As a means of growing wiser, she fell to watching her sister and Orrin Wyllys, who were busy tying up wandering rose-bushes in Eunice's pet labyrinth. Mr. Wyllys had his back to Jessie, when she first observed them. He was fastening back a branch which Miss Kirke held in its place, and their hands were very close together. It may have been this circumstance, it may have been the heat of the day, or the reflection of a bunch of pink moss-roses overhead—it could hardly have been anything which her companion was saying which brought the delicate roseate flush to the face usually pale and calm. His attitude was far too dignified and respectful to hint the possibility of gallant badinage on his part. Bonâ-fide love-making was, of course, out of the question, since they had not known each other ten days.
"Euna is handsome!" mused her sister in complacent affection. "What a high-bred face and bearing she has! She looks the lady in her morning-gowns of print and dimity; but that lawn with the forget-me-not sprig becomes her rarely. I am glad I insisted upon her putting it on. But she wouldn't let me fasten the lilies-of-the-valley in her hair! Her only fault is a tendency to primness. She and Mr. Wyllys get on admirably together. He evidently admires her, and it is a treat to her to have the society of a cultivated gentleman. I know," smiling and blushing anew, "it is a salvo to my conscience to see them satisfied with each other's company, needing Roy and myself as little as we need them. I should else blame myself for our seeming selfishness."
Rambling on discursively, she struck upon an idea, too fraught with delightsome mischief not to urge her to immediate action. Eunice had turned her head away, and Orrin was concealed by a tall shrub. The grassy alley leading from the porch to where they were standing would not give back the sound of footsteps. How frightened and amazed the careful elder sister would be, if she were to steal down the walk and present herself before her! How solemnly Orrin would look on while she submitted to be lectured for her imprudence, and how she, in the end would triumph over her custodians, Roy included (who, by the way, was staying away an unconscionable time), when she should demonstrate that she knew better than they what she could do and bear; that she was none the worse for the escapade that had wrought their consternation. She only regretted that she must lose the sight of Roy's horrified visage when he should return to discover her flight.
Her eyes gleaming with mirth, she arose cautiously, favoring the unused joint, and stepped off the low piazza. Even when she felt the cool, delicious turf under foot, she steadied herself by grasping the nearest objects that offered a support. First it was a clump of box, then the stout prickly branches of a Japan apple-tree, then a fan-shaped trellis, which would by and by be covered with Cyprus vines. She would do nothing rashly—would come to her own by degrees. But when another step would bring her within arms' length of the florists, she trod firmly upon both feet, and feeling neither pain nor weakness, laughed aloud in wicked glee, and took that step. She saw Eunice start and grow white; saw Orrin's grave yet courtly surprise as he advanced to offer his arm. Ere he could reach her, the treacherous ankle gave way with a wrench that drove breath and sense in one quick shuddering breath from her body.

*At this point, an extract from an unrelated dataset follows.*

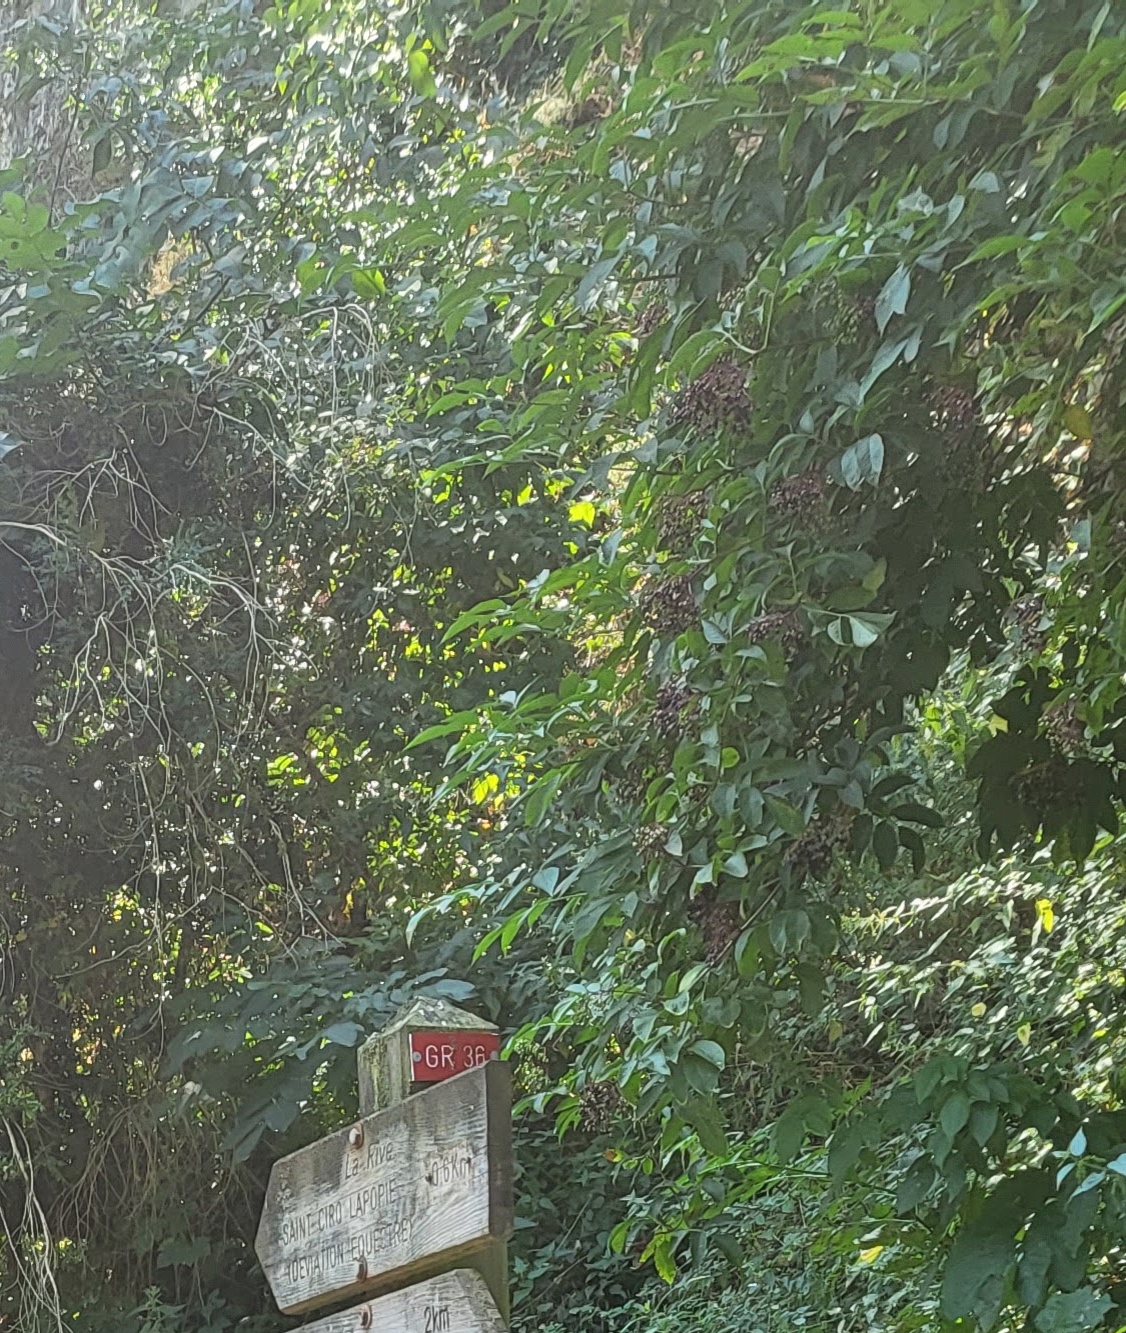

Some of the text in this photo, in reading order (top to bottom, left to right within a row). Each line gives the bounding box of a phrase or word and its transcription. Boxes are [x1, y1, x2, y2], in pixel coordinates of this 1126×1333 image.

As they left her, she heard, like a strain of far-off music, a voice say in her ear, "My poor child!" had a dizzy thought that strong arms—stronger than Eunice's—received her.
Then, all was a blank until she awoke upon her lounge, hair and face dripping with wet; the scent of sal volatile tingling in her nostrils, and a cluster of anxious faces about her. Eunice's was the first she knew, Roy's next. He was on his knees by her, chafing her hands. She pulled them feebly from his hold, and clasped them about his neck, hiding her eyes upon his bosom.
"O, Roy! I was very wrong! very foolish! Don't scold me."
"Hush! hush!" he said, soothingly. "Nobody thinks of scolding you! If you apologize to any one, it must be to this gentleman. He brought you into the house, and I suspect his arms want looking after more than your foot does."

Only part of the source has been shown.